Four weeks later, those same fingerprints turned up at burglary number two, at a house around the corner. This time the owners were not home. Entry was again through an unsecured window. Cash, jewelry, and a MacBook Pro were stolen.
Another laptop. Was that significant, or was it just because they were portable items that every household now owned?
Jane moved on to the third burglary, which took place six weeks later, at the Dolan residence. Again, the homeowners were absent. This time the burglar broke a kitchen window to enter, and the police report included a photo taken by the homeowner of shattered glass littering the floor and the countertops. While cash and several watches were stolen, there was no missing laptop because the owner had been traveling with it. A size-ten Nike shoe print was found in the backyard. No fingerprints this time; perhaps the burglar had advanced to wearing gloves.
Jane studied the photo of the broken kitchen window and thought of the broken glass in Sofia Suarez’s kitchen. She pulled up the Suarez crime scene photos and clicked through the images. She found photos of the shattered door pane and the kitchen floor where a few shards were lying, but she found only two photos of the side yard, its graveled walkway glittering with glass. She went back to the photo from the Dolan break-in and frowned at the amount of glass scattered across the kitchen floor.
I need to go back, she thought.
Frost had gone home for the day so she drove alone to the Suarez residence. It was just past six when she pulled up in front of the house and stepped out of the car. The crime scene had been released days ago and the biohazard cleaners had already been here to scrub and sterilize, but mops and bleach could not cleanse the images from Jane’s memory. They still haunted her as she climbed the porch steps and opened the front door.
The air was sharp with the odor of chemical cleaners, and she left the front door open for ventilation. She paused in the living room, memories overlaying the now-spotless floor with images of smears and spatters from her first visit. She could still see the fallen stethoscope, and the bloody trail left by Sofia as she’d dragged herself away from her attacker. Jane followed that remembered trail through the living room, past the vacant spot where the aquarium used to be, and into the dining room. Even here, where the pool of blood had collected beneath the body, the floor was now spotless.
Good job, cleaners.
Jane walked on into the kitchen. Here was the one room where she wished the cleaners had not been so thorough, but the floor had been swept, the surfaces wiped clean of fingerprint powder. The broken windowpane in the door was boarded over, blocking out the day’s last sunlight, and the room felt boxed in. Airless.

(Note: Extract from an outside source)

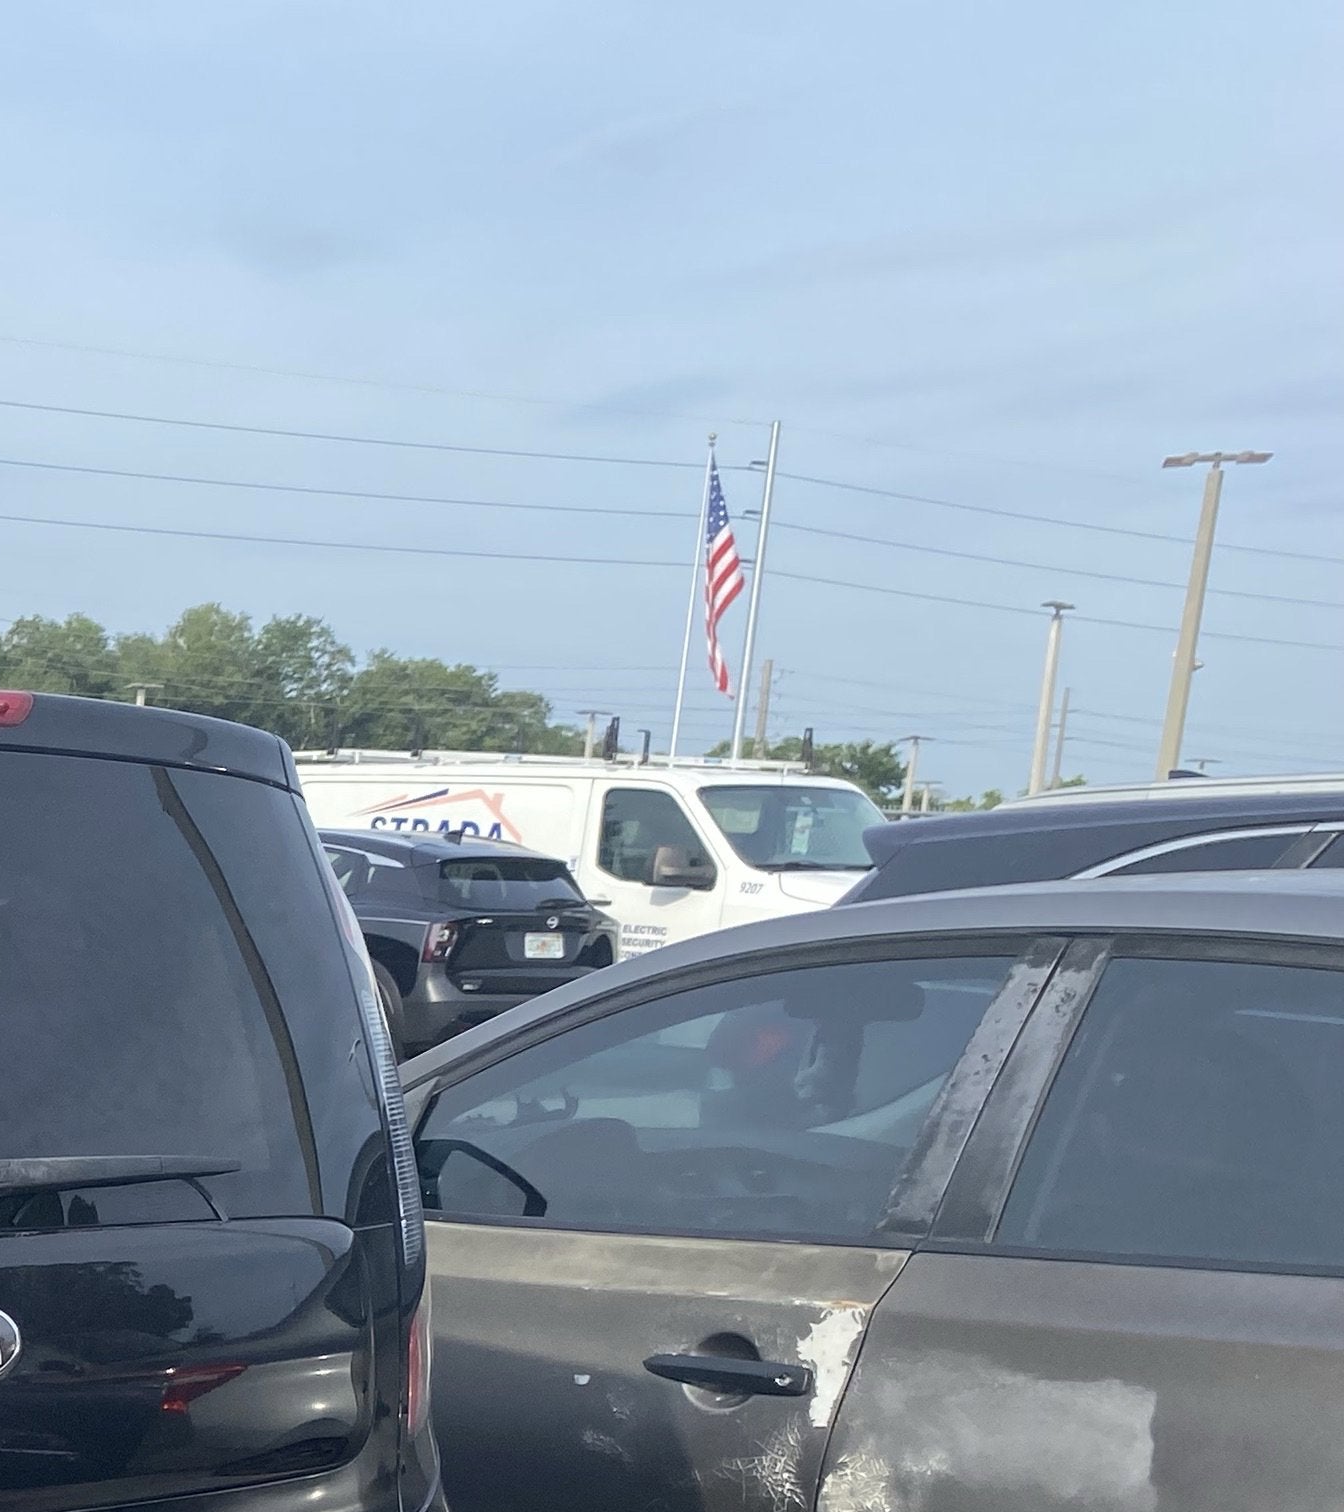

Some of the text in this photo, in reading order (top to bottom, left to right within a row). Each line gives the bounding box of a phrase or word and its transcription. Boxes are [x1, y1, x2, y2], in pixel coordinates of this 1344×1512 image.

[739, 881, 764, 895] 9207
[622, 924, 667, 937] ELECTRIC
[621, 937, 666, 949] SECURITY

She opened the kitchen door and stepped outside, her shoes crunching onto gravel. This is how they’d assumed the killer accessed the house. Smashed open the door pane and reached through the broken window to slide open the bolt. She remembered seeing shattered glass on the ground here, as well as inside the kitchen, but it was gone now. She should have paid more attention at the time, but she’d been focused on the body and the spatters and the blood trail from the living room. She’d been trying to establish when the first blow landed. How the attack began and how it ended.
She crouched down and searched the gravel, but the cleaners had been thorough about plucking up the shards. She scanned a wider and wider radius and was all the way to the fence when she saw a reflection wink back at her. Gingerly she fished out a shard of glass that had wedged up against the board and she deposited it in an evidence bag. She turned and eyed the kitchen door, which was a good two yards away. The glass didn’t just drop there against the fence; it had been propelled.
She stood listening to the hum of insects, the growl of traffic. Even here, surrounded by houses and cars and a million other people, one could be utterly alone. She felt her heart thudding, heard the whoosh of blood in her ears as she thought about broken windows and scattered glass and stolen laptops.
And patterns. Maybe there, maybe not.
A loud thud made her jump. The front door. Was someone inside?
She stepped back into the kitchen and paused, listening. Heard the hum of the refrigerator, the ticking of the wall clock. There is no such thing as a silent house. She walked into the dining room and paused again. Realized she was standing in the very spot where Sofia had drawn her last breath. She couldn’t help glancing down at the floor and remembering the body lying where her feet were now planted.
She moved into the living room and stopped beside the spot where the aquarium used to be with its burbling water pump and bug-eyed goldfish. The front door, which she’d left wide open, was now closed. Blown shut by the wind, she thought; no reason to be alarmed.